THE POSITION OF THE PARTIES
The Defendants
[22] The Defendants argue that the threshold burden is met. First, this proceeding relates to the letters written by them, which establishes the causal relationship. Second, the expression that the Plaintiff complains of in her claim relates to a matter of public interest. Her role as the Executive Director of the Chamber was highly visible within the community. She needed to interact and build relationships with the local government and other institutions. The Defendants expressed opinions regarding her lack of professionalism and failings in carrying out her role as the Executive Director. They felt that the recipients of the letters needed to hear their complaints and opinions about her conduct because she was the voice of business in their region. The Defendants say that their opinions were expressed in a measured manner and were of public interest to the entire business community, including the 300 Chamber members.
[23] Regarding the merits-based burden, the Defendants submit that the Plaintiff does not meet the test. First, her claim does not have a real prospect of success because her termination was not due to the letters written by the Defendants. Rather, she was terminated due to racist and homophobic statements that she made in the presence of student employees. The Defendants rely upon the Chamber’s termination letter dated August 4, 2021, and a subsequent letter from Chamber’s counsel dated October 1, 2021, dealing with information that has given rise to after-acquired cause. Second, the Defendants rely upon the defences of qualified privilege and fair comment. Qualified privilege attaches to the letters written by them because they were members of the Chamber, they were made without malice, and the recipients of those letters had an interest in receiving them. Fair comment relates to the Plaintiff’s unprofessionalism and that her conduct negatively affected the Chamber’s reputation. The comments made by the Defendants were of public interest and they were based on facts.

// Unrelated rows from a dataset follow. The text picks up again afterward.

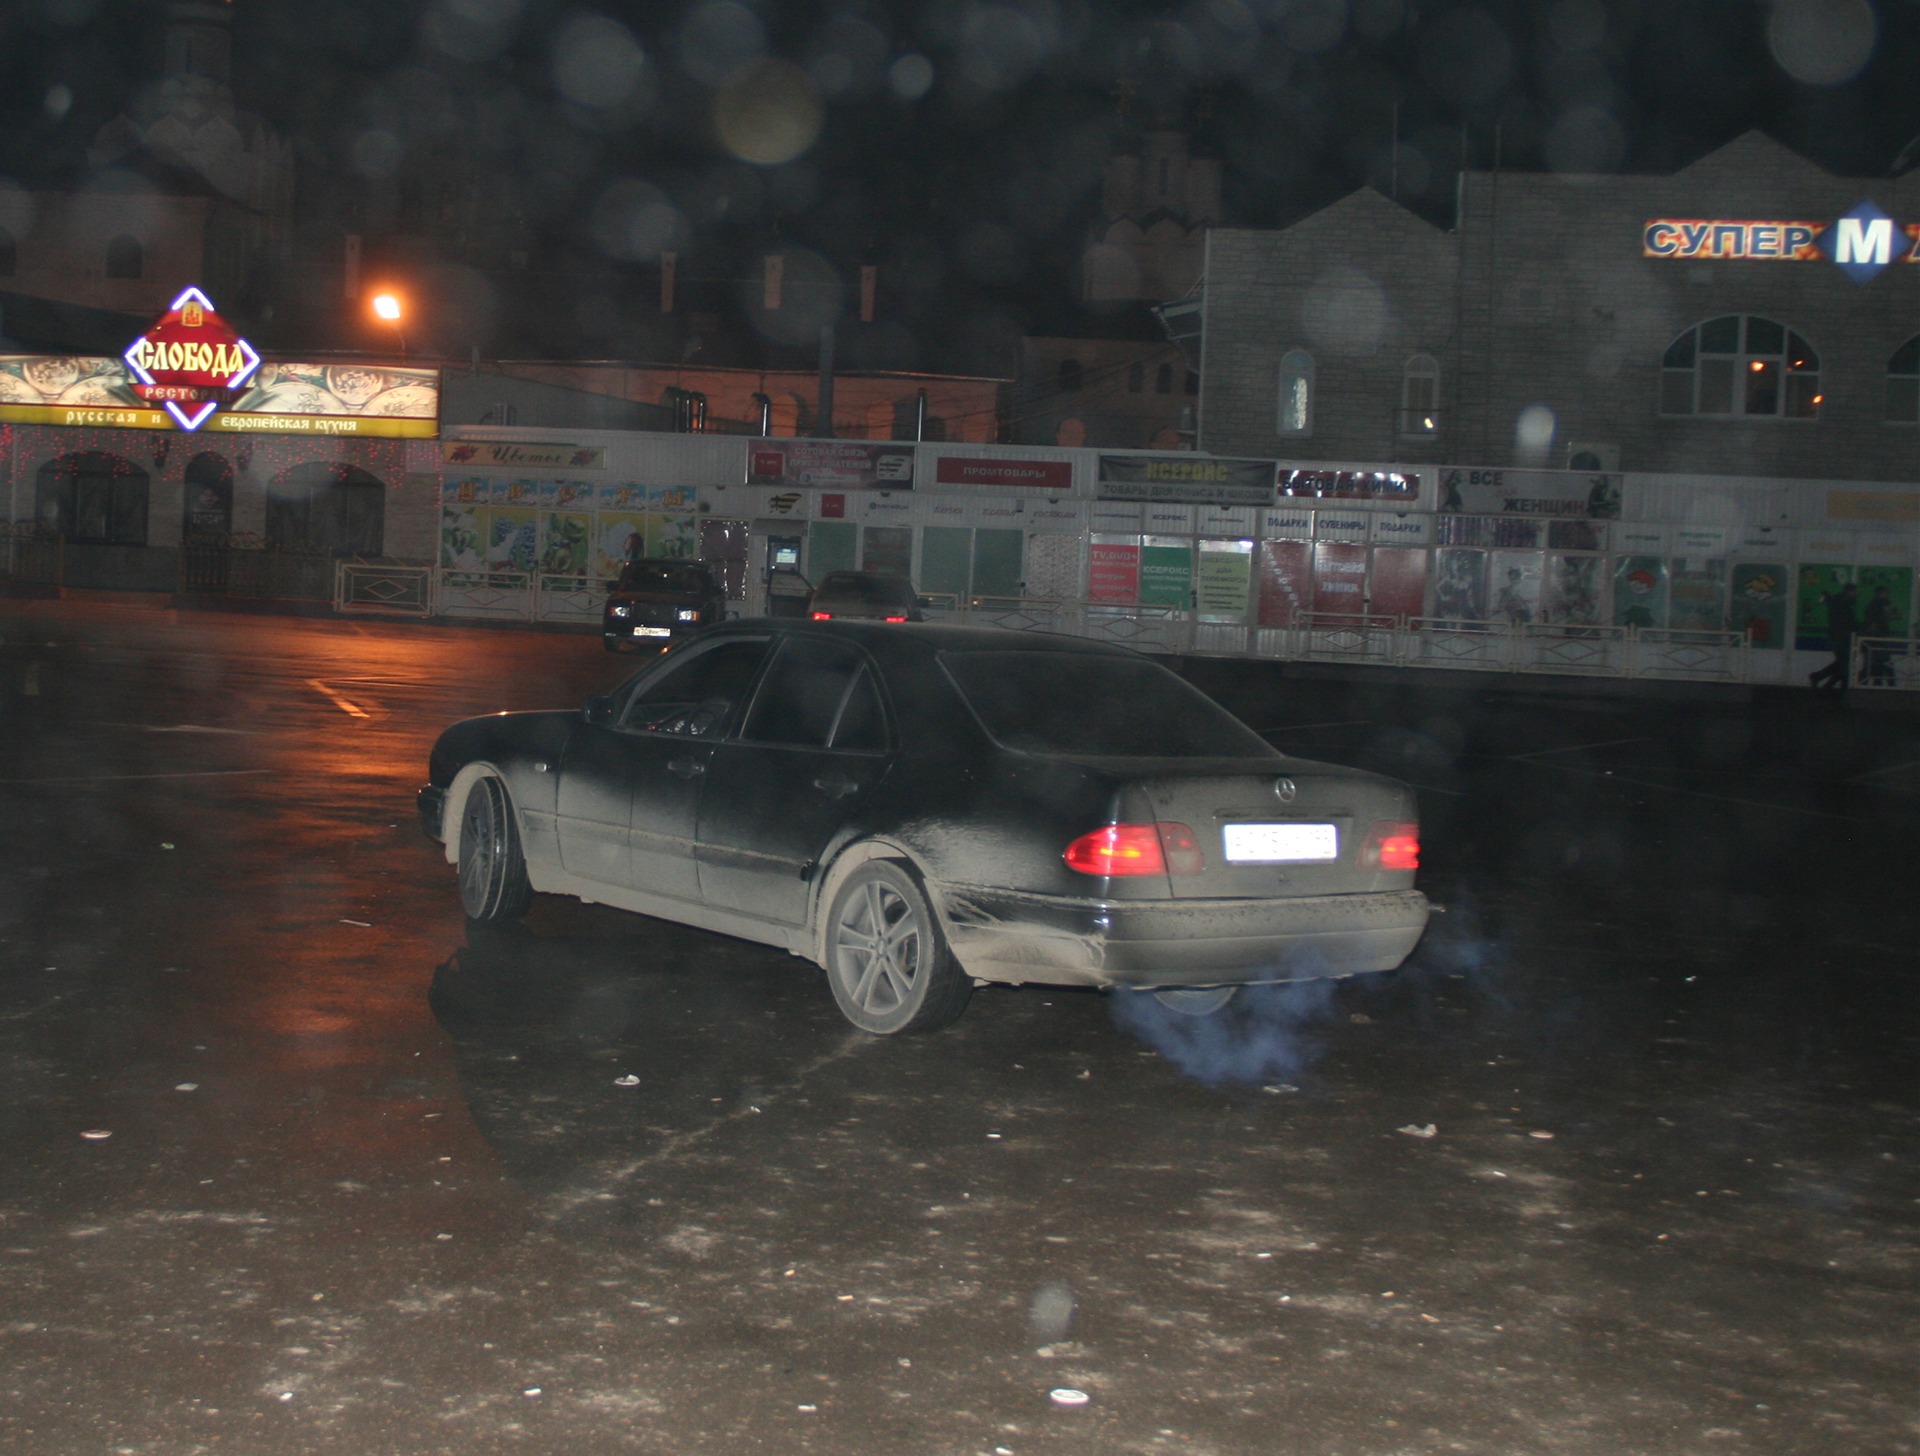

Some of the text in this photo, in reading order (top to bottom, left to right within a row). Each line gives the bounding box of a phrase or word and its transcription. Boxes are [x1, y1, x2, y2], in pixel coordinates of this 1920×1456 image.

[1644, 222, 1815, 258] СУПЕР
[136, 339, 245, 379] СЛОБОДА
[144, 386, 231, 402] РЕСТОРАН
[487, 445, 561, 466] Цветы
[963, 466, 1046, 478] ПРОМТОВАРЫ
[1146, 462, 1228, 481] КСЕРОКС
[1469, 471, 1504, 487] ВСЕ
[1104, 484, 1148, 495] ТОВАРЫ
[1150, 486, 1173, 497] ДЛЯ
[1227, 488, 1270, 500] ШКОЛЫ
[1502, 499, 1586, 517] ЖЕНЩИН
[1267, 518, 1308, 528] ПОДАРКИ
[1319, 520, 1366, 530] СУВЕНИРЫ
[1380, 522, 1420, 532] ПОДАРКИ
[1143, 565, 1190, 575] КСЕРОКС

[24] Regarding the public interest hurdle, the Defendants similarly argue that the Plaintiff has failed to meet this burden. The Defendants restate that she was not terminated from her position because of their letters but because of her inappropriate behaviours towards the members of the community. Weighed against that are the Defendants’ concerns regarding the betterment of the Chamber and the entire Gananoque business community. There are significant public benefits in allowing the Defendants to comment on the Chamber and its director.
The Plaintiff
[25] The Plaintiff says that the Defendants’ expressions of opinion are not related to the public interest. Rather, it is merely something that would arouse the public’s curiosity. The allegations made against her are related to competency and professionalism related to her job. She fails to see how her actions as an employee of a non-profit organization would be of substantial concern to the public. As such, the Plaintiff submits that the threshold burden has not been met.

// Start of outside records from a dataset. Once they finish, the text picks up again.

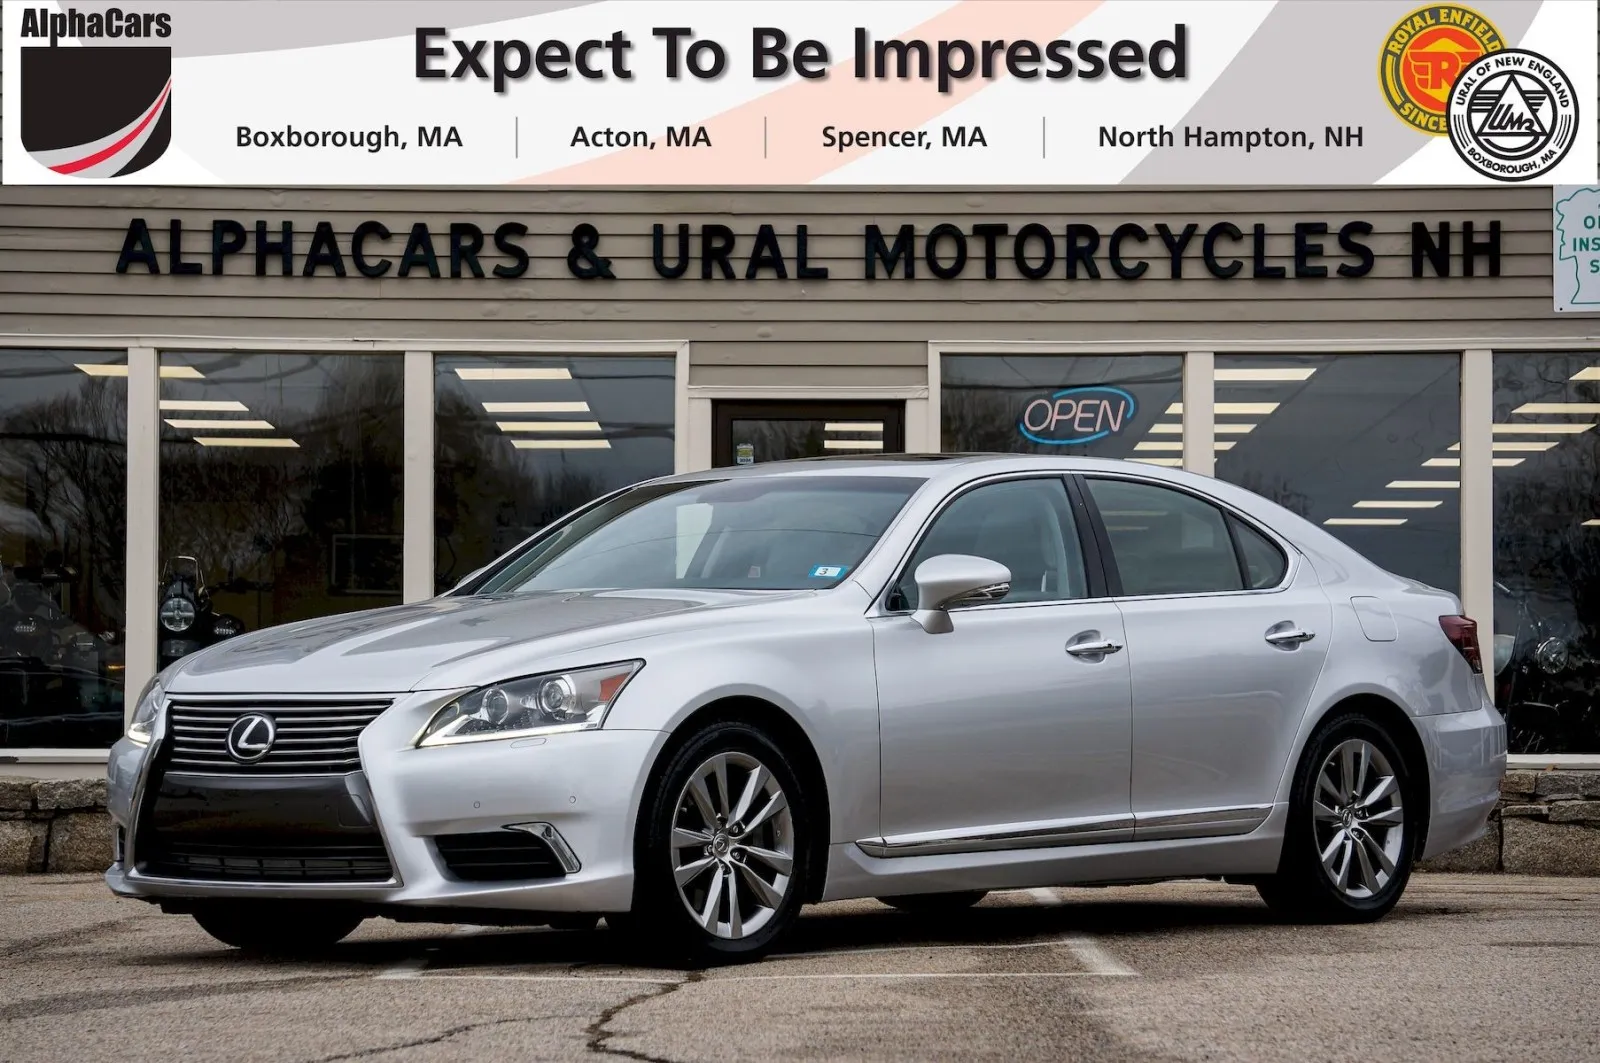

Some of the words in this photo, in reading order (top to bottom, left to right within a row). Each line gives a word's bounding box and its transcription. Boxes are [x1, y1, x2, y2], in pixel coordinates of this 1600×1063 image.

[116, 217, 530, 279] ALPHACARS
[567, 222, 617, 280] &
[653, 223, 829, 280] URAL
[864, 221, 1375, 280] MOTORCYCLES
[1411, 220, 1501, 278] NH
[1024, 399, 1126, 432] OPEN

[26] The Plaintiff says that her case has substantial merit. The Defendants’ letters speak for themselves and form the basis of a defamation claim. The letters were sent to multiple parties, referring to the Plaintiff and her reputation has been lowered because of the spoken words. Regarding the subsequent termination letters sent by the Chamber and its counsel, the Plaintiff submits that this additional evidence is not credible, and it does not support the Defendants’ motion. As for the defences of qualified privilege and fair comment, she argues that they will fail because there are grounds to believe that there is malice of the Defendants and there is a vitriolic tone to the letters.
[27] In terms of the last part of the test, the Plaintiff submits that the balancing exercise favours the dismissal of the motion. She reiterates that the Defendants attacked her on a reputational level. She was harmed, both in a monetary and non-monetary manner. She was in vulnerable position in comparison to the Defendants, who are all business owners that have made concerted and collective efforts to have her terminated from her position. She has no history of litigation. Had the Defendants not published those defamatory letters, her defamation action would not have been necessary.
ANALYSIS
Threshold burden
[28] It is undisputed that the underlying proceeding arises from the Defendants’ expression of opinions. Their letters are captured by the statutory definition of “expression”, as set out in s. 137.1(2) of the CJA. There is a clear nexus between the expression and the proceeding.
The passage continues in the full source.